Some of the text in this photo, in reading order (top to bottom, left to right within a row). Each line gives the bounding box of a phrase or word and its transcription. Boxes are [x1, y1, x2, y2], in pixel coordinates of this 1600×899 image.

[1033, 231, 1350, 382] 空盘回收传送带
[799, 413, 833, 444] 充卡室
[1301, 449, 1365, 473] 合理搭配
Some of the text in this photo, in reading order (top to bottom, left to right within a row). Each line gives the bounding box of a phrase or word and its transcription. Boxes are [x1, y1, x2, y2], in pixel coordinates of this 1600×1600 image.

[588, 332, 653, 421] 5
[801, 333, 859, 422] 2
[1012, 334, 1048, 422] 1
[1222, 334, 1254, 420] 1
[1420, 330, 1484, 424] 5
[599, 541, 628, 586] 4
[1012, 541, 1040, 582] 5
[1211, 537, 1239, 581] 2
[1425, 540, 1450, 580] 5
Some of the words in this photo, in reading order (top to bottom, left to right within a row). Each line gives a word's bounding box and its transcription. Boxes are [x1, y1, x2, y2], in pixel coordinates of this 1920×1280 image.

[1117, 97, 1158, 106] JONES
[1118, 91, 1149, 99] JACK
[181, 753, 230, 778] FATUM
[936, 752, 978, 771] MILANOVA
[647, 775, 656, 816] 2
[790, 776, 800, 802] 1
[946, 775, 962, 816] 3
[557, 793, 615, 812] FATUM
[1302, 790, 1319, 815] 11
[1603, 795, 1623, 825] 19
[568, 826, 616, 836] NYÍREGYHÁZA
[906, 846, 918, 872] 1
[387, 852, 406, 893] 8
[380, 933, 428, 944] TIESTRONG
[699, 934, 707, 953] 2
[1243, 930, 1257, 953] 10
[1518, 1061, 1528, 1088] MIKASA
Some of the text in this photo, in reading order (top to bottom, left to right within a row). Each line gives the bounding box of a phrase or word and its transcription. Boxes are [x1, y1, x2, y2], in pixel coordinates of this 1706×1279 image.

* What to work on *
Reproduce the lines word for word, starting at the one holding "Some of the words" and ending at the final line of the material above.

* Reply to the task *
Some of the words in this photo, in reading order (top to bottom, left to right within a row). Each line gives a word's bounding box and its transcription. Boxes are [x1, y1, x2, y2], in pixel coordinates of this 1920×1280 image.

[1117, 97, 1158, 106] JONES
[1118, 91, 1149, 99] JACK
[181, 753, 230, 778] FATUM
[936, 752, 978, 771] MILANOVA
[647, 775, 656, 816] 2
[790, 776, 800, 802] 1
[946, 775, 962, 816] 3
[557, 793, 615, 812] FATUM
[1302, 790, 1319, 815] 11
[1603, 795, 1623, 825] 19
[568, 826, 616, 836] NYÍREGYHÁZA
[906, 846, 918, 872] 1
[387, 852, 406, 893] 8
[380, 933, 428, 944] TIESTRONG
[699, 934, 707, 953] 2
[1243, 930, 1257, 953] 10
[1518, 1061, 1528, 1088] MIKASA
Some of the text in this photo, in reading order (top to bottom, left to right within a row). Each line gives the bounding box of a phrase or word and its transcription. Boxes are [x1, y1, x2, y2], in pixel coordinates of this 1706×1279 image.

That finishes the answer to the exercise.